(Collected data)
--- START ---
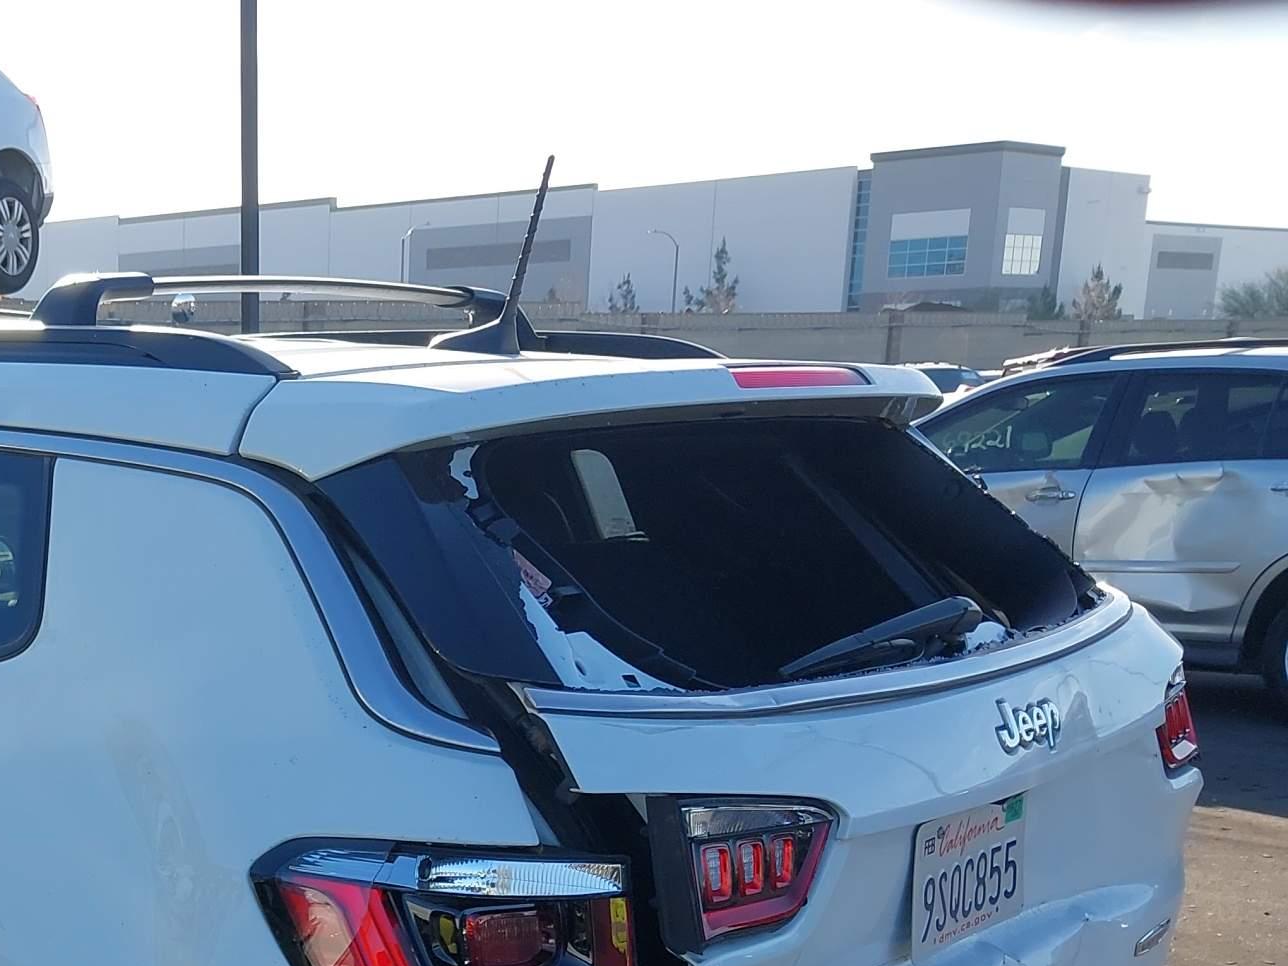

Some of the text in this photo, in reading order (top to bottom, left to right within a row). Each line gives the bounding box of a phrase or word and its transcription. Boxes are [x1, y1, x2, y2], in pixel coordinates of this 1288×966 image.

[995, 699, 1061, 755] Jeep
[939, 815, 1006, 857] California
[921, 839, 1018, 943] 9SQC855
[938, 911, 993, 943] dmv.ca.gov
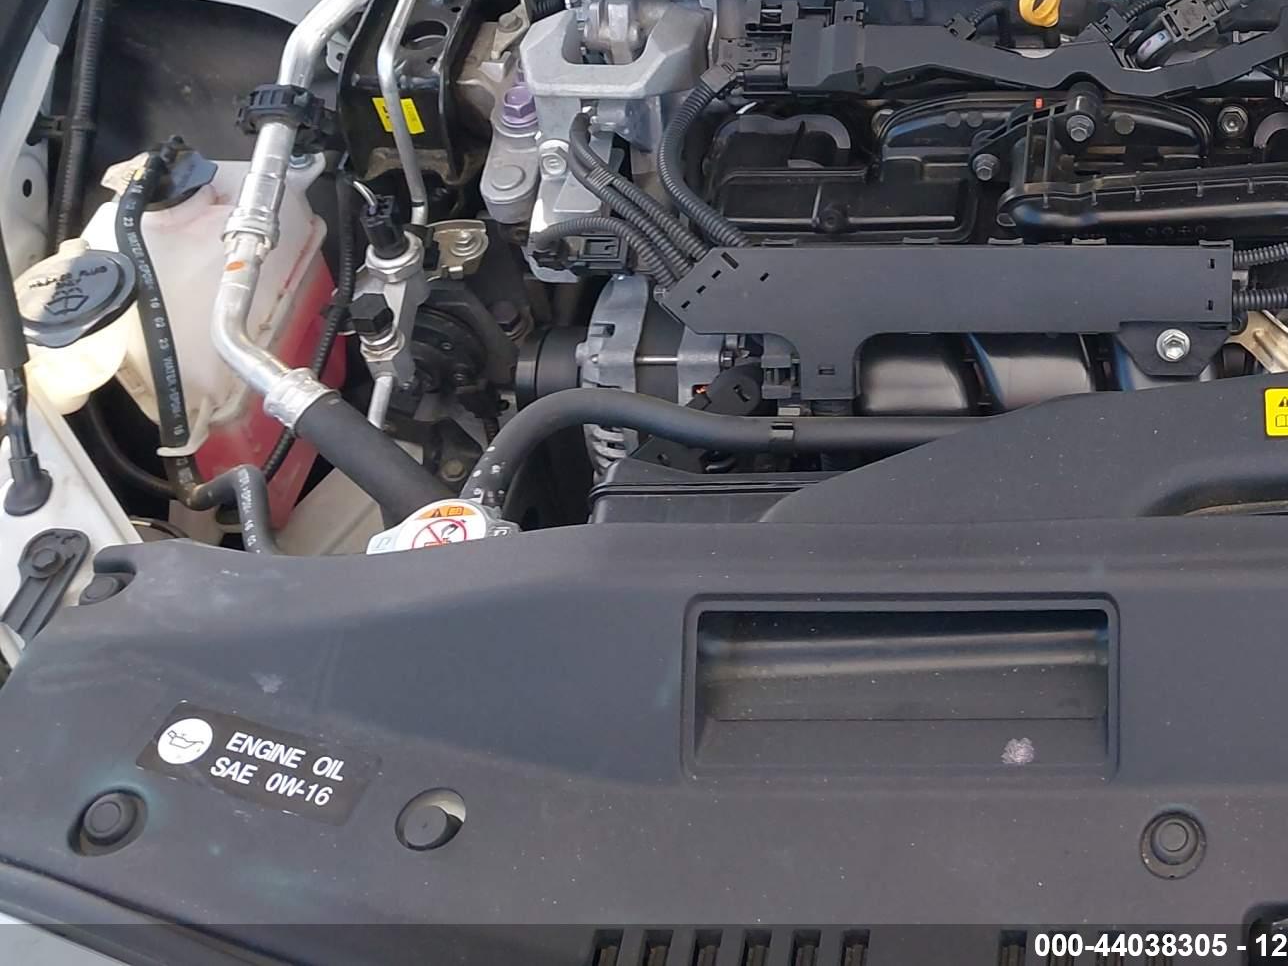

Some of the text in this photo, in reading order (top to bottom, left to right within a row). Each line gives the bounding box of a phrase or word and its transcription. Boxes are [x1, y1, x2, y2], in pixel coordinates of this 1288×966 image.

[210, 757, 333, 806] SAE 0W-16
[225, 731, 344, 782] ENGINE OIL
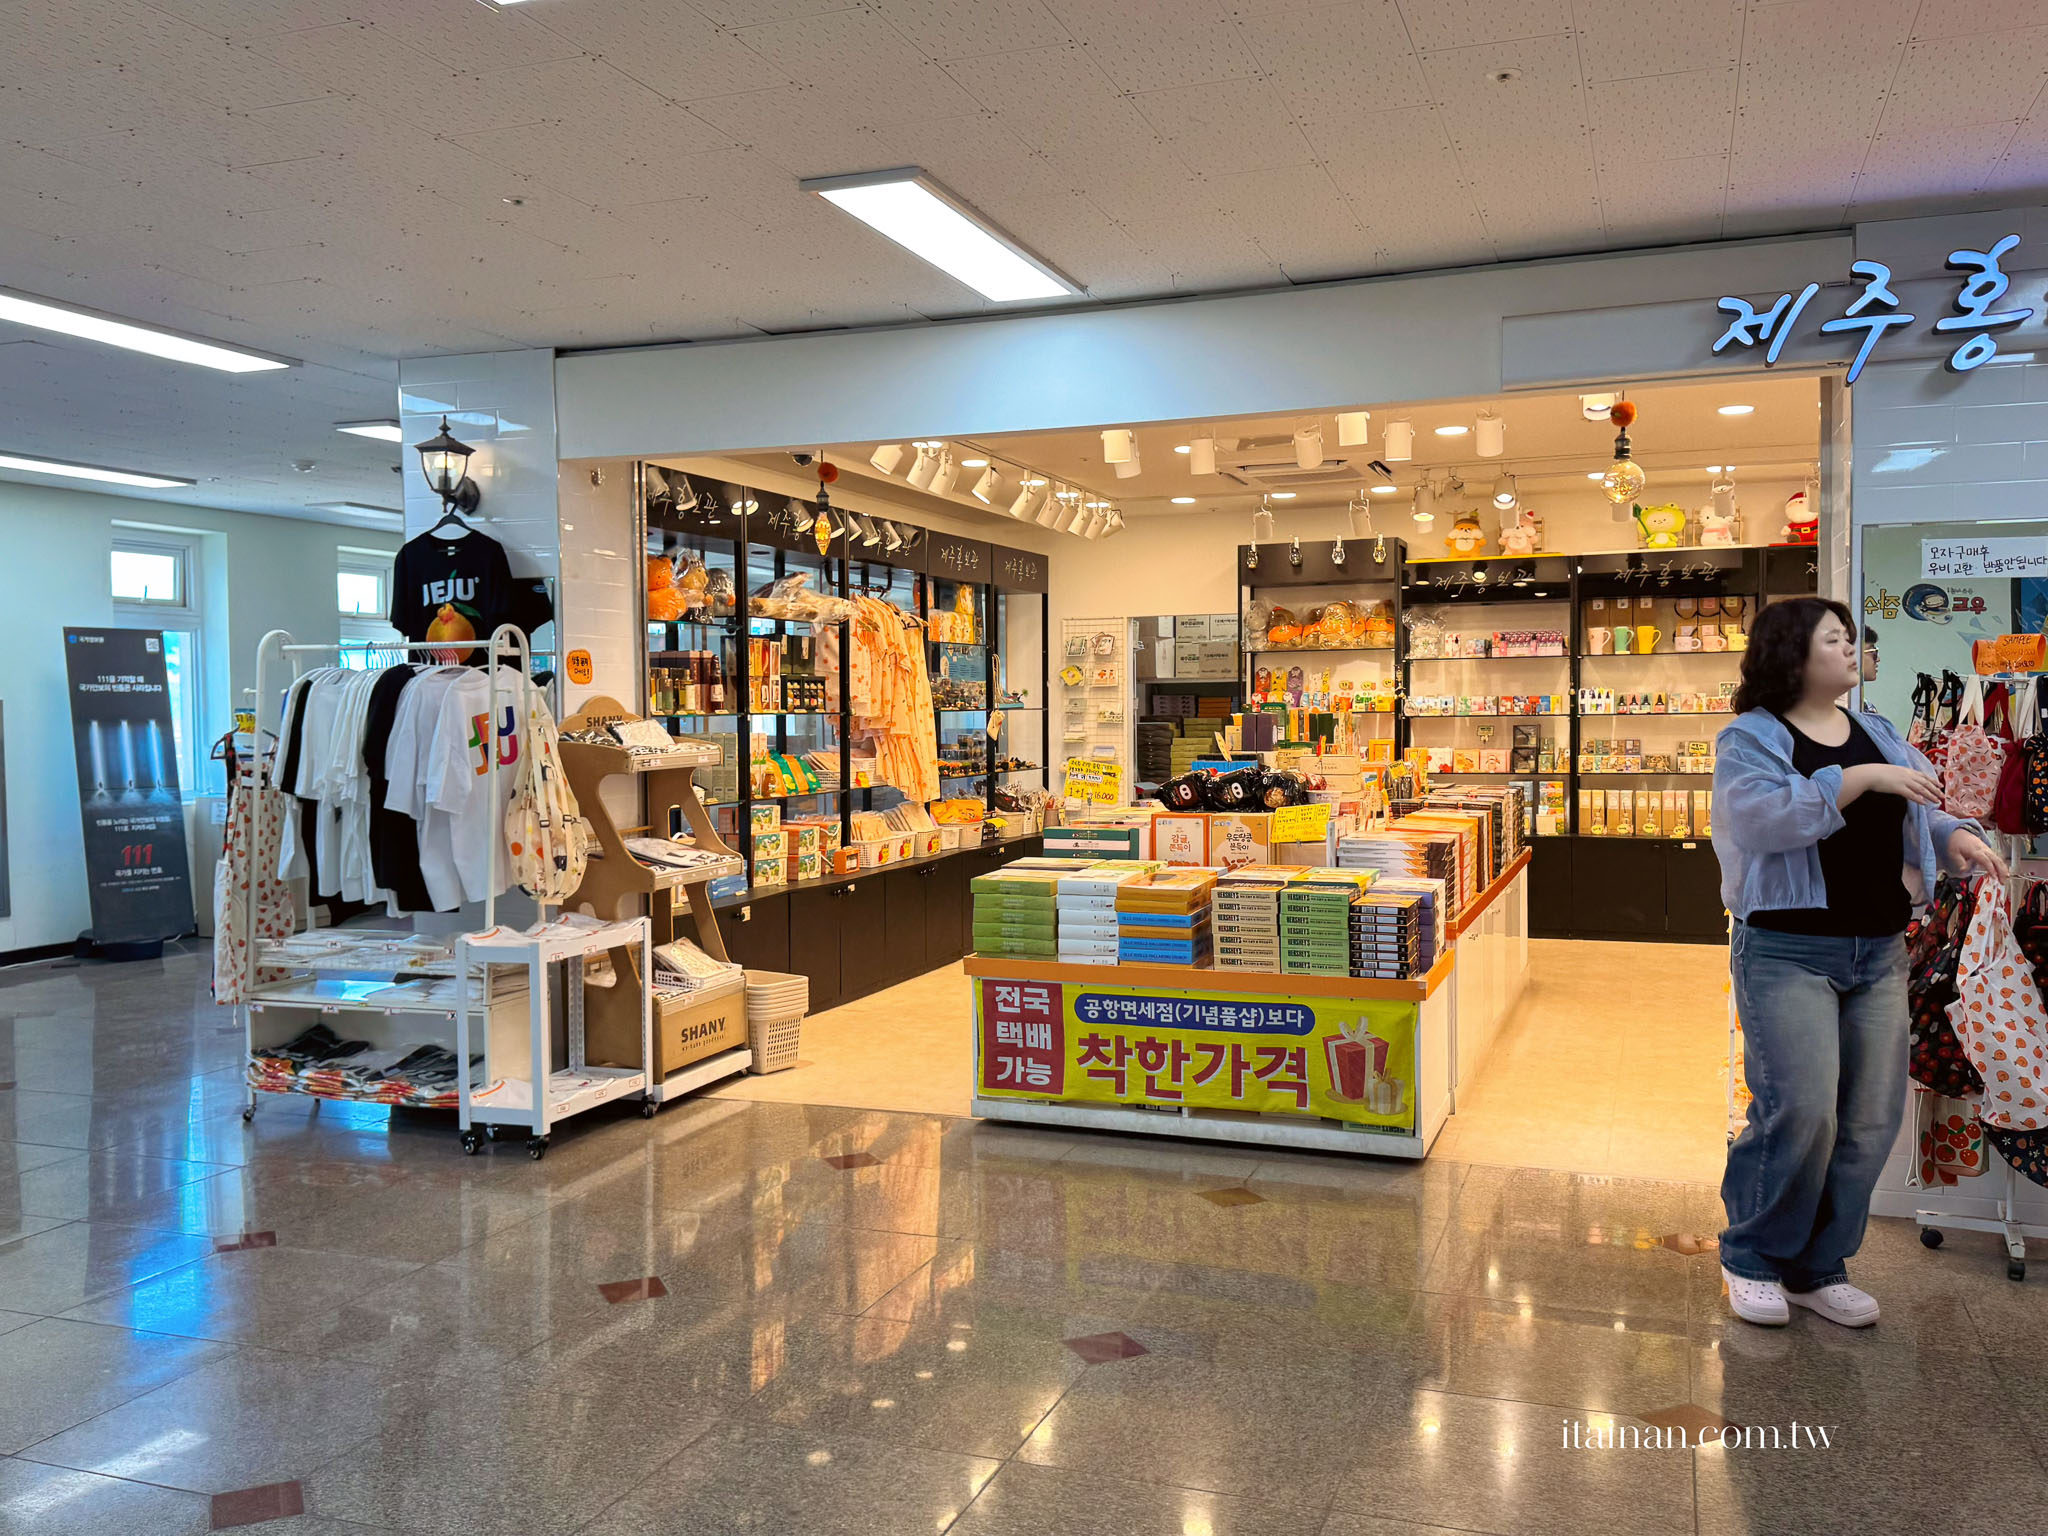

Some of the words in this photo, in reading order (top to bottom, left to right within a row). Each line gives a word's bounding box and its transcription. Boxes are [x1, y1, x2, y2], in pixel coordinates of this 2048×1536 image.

[1711, 234, 2048, 384] 제주홍
[941, 545, 979, 571] 제주홍보관
[1005, 557, 1038, 581] 제주홍보관
[1928, 563, 1950, 575] 우비
[1614, 560, 1721, 587] 제주홍보관
[423, 578, 475, 607] JEJU
[2002, 635, 2032, 646] SAMPLE
[1226, 832, 1253, 843] 우도땅콩
[121, 843, 153, 867] 111
[995, 985, 1050, 1014] 전국
[681, 1017, 726, 1043] SHANY
[996, 1021, 1052, 1050] 택배
[997, 1057, 1052, 1085] 가능
--- END ---
Set down the records in full and exactly. Do not carry over any image.

Some of the text in this photo, in reading order (top to bottom, left to right within a row). Each line gives the bounding box of a phrase or word and its transcription. Boxes are [x1, y1, x2, y2], in pixel coordinates of this 1288×966 image.

[995, 699, 1061, 755] Jeep
[939, 815, 1006, 857] California
[921, 839, 1018, 943] 9SQC855
[938, 911, 993, 943] dmv.ca.gov

Some of the text in this photo, in reading order (top to bottom, left to right within a row). Each line gives the bounding box of a phrase or word and its transcription. Boxes are [x1, y1, x2, y2], in pixel coordinates of this 1288×966 image.

[210, 757, 333, 806] SAE 0W-16
[225, 731, 344, 782] ENGINE OIL

Some of the words in this photo, in reading order (top to bottom, left to right within a row). Each line gives a word's bounding box and its transcription. Boxes are [x1, y1, x2, y2], in pixel coordinates of this 2048×1536 image.

[1711, 234, 2048, 384] 제주홍
[941, 545, 979, 571] 제주홍보관
[1005, 557, 1038, 581] 제주홍보관
[1928, 563, 1950, 575] 우비
[1614, 560, 1721, 587] 제주홍보관
[423, 578, 475, 607] JEJU
[2002, 635, 2032, 646] SAMPLE
[1226, 832, 1253, 843] 우도땅콩
[121, 843, 153, 867] 111
[995, 985, 1050, 1014] 전국
[681, 1017, 726, 1043] SHANY
[996, 1021, 1052, 1050] 택배
[997, 1057, 1052, 1085] 가능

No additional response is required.